Christopher Faust (born 4 December 1968 in Frankfurt/Main, known as Chris Faust) is a German hockey coach and trainer. He was able to achieve various national and internal successes with several teams.

After graduating from secondary school, he underwent a commercial education to become a professional of trade and commerce (IHK). In addition, he is a state-licensed trainer of the German Olympic Sports Confederation (DOSB as well as sports and association manager (IHK). Before taking up the coaching job, he has worked with Nestlé Deutschland for 10 years. In 2015 he began working as a speaker. Together with author Sabine Hahn, he has published the first volume of the children book series "Die Hockey-Kids" (ISBN 978-3-94-0877-28-4) in the Casimir Verlag. At times Chris Faust was part of the field hockey podcast “Schusskreis” of the Deutsche Hockey Zeitung. Since November 2023, he has been a permanent member of the leading German field hockey podcast “Viertelpause”, which is produced by the Berlin-based media agency Upchoice. Every week, he discusses the most exciting topics in the world of field hockey with his fellow presenters and journalists Sören Wolke and Tim Schäflein.

== Sporting career ==

=== As a player ===
Starting in 1972, he picked up his first hockey stick at the age of 4, first playing for Eintracht Frankfurt, then from 1978 on he played for SC SAFO Frankfurt (Frankfurter Sportclub Sachsenhausen Forsthausstraße). He was a member of the Hesse youth state team and participated in many Southern German and German championships. When he was 17, he moved back to Eintracht Frankfurt and played regional league and Bundesliga for the club. After two cruciate ligaments and several knee surgeries, he decided to take up the role of the player and coach in the fourth and fifth division as well as a youth team at SKG Frankfurt.
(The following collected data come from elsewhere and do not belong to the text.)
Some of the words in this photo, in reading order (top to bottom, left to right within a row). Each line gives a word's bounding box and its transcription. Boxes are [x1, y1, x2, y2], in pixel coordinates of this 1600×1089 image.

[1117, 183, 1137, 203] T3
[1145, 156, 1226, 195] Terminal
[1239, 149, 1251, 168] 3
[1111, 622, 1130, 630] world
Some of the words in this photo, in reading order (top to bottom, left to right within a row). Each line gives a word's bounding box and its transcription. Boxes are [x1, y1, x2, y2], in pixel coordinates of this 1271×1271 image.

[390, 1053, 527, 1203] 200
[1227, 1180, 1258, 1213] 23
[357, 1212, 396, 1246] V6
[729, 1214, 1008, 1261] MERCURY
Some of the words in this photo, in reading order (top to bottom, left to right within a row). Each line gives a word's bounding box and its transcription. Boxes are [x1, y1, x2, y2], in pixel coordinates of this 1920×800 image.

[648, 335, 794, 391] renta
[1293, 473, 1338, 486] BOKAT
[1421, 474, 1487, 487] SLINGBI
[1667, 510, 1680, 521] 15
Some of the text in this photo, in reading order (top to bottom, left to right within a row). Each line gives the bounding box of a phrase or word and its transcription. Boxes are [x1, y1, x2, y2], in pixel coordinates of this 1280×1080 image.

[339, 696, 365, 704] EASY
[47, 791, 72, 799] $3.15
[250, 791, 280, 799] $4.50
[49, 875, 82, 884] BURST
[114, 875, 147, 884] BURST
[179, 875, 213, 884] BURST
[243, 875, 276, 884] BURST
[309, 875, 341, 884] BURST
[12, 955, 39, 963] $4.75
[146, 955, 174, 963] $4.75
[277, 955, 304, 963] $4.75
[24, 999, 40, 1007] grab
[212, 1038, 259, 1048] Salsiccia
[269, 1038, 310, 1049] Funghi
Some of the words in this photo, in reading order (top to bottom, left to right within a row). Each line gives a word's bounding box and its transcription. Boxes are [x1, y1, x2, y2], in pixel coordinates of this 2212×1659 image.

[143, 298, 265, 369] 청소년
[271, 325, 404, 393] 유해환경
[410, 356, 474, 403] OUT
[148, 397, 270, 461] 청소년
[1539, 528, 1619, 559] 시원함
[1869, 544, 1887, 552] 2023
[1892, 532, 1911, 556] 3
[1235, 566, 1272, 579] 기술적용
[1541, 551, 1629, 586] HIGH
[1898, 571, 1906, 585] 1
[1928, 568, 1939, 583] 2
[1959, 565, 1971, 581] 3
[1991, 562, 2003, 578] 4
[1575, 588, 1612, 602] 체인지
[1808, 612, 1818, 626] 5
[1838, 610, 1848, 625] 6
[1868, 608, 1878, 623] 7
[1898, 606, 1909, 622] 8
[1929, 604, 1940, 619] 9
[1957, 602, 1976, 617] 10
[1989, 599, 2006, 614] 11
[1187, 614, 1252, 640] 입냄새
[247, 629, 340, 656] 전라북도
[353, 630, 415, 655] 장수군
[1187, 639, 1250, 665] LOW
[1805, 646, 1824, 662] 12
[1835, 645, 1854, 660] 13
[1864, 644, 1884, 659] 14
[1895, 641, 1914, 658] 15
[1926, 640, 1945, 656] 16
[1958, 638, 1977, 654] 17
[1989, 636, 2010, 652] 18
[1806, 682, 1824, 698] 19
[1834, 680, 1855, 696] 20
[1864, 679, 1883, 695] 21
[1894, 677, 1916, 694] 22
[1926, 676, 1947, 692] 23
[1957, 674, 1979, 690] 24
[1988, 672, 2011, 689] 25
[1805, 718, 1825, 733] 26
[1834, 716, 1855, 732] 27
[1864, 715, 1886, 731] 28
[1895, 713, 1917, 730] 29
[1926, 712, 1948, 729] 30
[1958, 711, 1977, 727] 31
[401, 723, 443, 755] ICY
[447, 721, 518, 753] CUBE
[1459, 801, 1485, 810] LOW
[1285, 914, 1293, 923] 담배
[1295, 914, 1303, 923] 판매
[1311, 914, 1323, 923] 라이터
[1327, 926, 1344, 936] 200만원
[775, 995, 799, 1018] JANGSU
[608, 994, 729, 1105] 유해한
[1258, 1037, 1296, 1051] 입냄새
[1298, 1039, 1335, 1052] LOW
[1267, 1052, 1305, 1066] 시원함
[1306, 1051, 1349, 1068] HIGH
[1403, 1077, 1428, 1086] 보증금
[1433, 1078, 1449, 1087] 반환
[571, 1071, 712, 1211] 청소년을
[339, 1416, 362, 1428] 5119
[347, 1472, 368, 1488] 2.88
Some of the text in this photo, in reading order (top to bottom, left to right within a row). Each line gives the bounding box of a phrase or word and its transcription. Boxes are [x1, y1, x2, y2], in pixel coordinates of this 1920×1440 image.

In 1995, he moved back to Eintracht Frankfurt again and he played one more season in the 2nd Bundesliga and the regional league. In addition, he also worked as assistant coach for the women's and men's team.

=== As a coach (club level) ===
From 1998 until October 2001, he was the head coach at Höchster THC and achieved several promotions into the fourth division and regional league. At the same time, he acquired his C-, B- and A-training licenses at the Bundesleistungszentrum (BLZ) in Cologne. Furthermore, he was the youth selector for the Hesse youth state teams from 1998 until 2004.

From November 2001 until May 2002, he was the playing coach at TGS Vorwärts Frankfurt and from July 2002 until March 2004, he was the head coach at Limburger HC for the 1st and 2nd men's Bundesliga teams as well as for several youth teams.

From 2002 until 2004, he was assistant coach of the U16 male youth national team and became European champion with that team during this spell. In that time, he participated at several training courses of the German Hockey Association (DHB) as a guest student and assistant coach and worked with the U16, U18, U21 and men's squad.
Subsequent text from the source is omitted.